● PROVIDED ENTRIES:
Start of Block

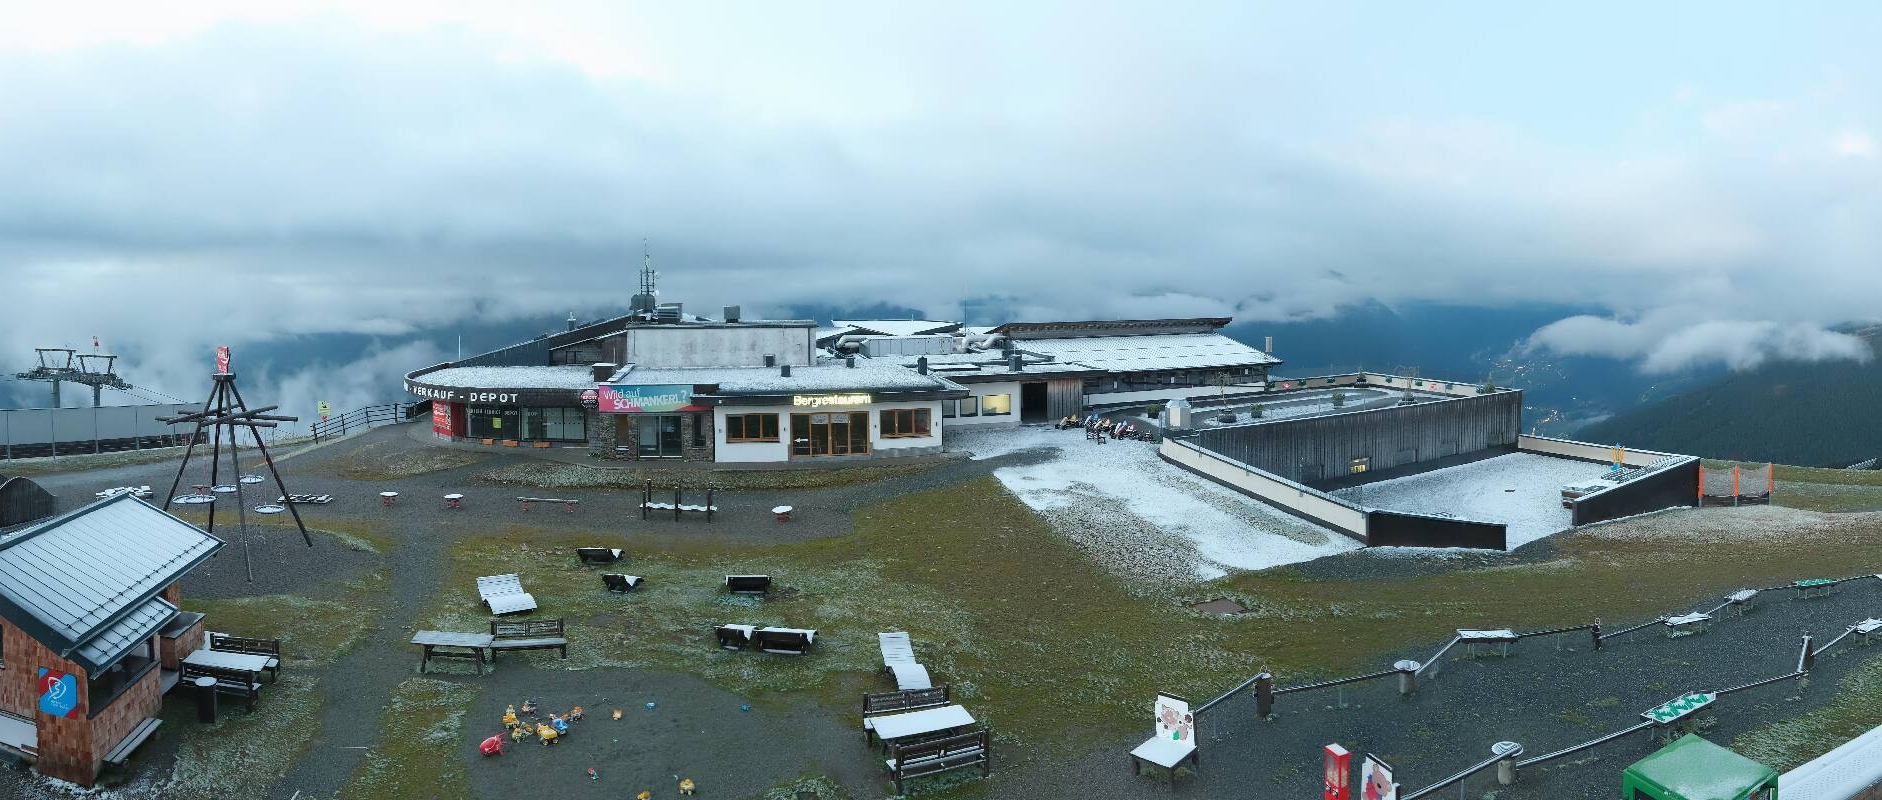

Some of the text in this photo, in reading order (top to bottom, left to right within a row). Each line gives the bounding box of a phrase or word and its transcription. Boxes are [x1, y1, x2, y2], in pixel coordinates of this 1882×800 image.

[413, 386, 455, 400] VERKAUF
[470, 393, 519, 403] DEPOT
[603, 387, 641, 400] Wild auf
[793, 394, 872, 407] Bergrestaurant

End of Block

Reprint each of the records exactly and skip the images.

● ANSWER SPACE:
Some of the text in this photo, in reading order (top to bottom, left to right within a row). Each line gives the bounding box of a phrase or word and its transcription. Boxes are [x1, y1, x2, y2], in pixel coordinates of this 1882×800 image.

[413, 386, 455, 400] VERKAUF
[470, 393, 519, 403] DEPOT
[603, 387, 641, 400] Wild auf
[793, 394, 872, 407] Bergrestaurant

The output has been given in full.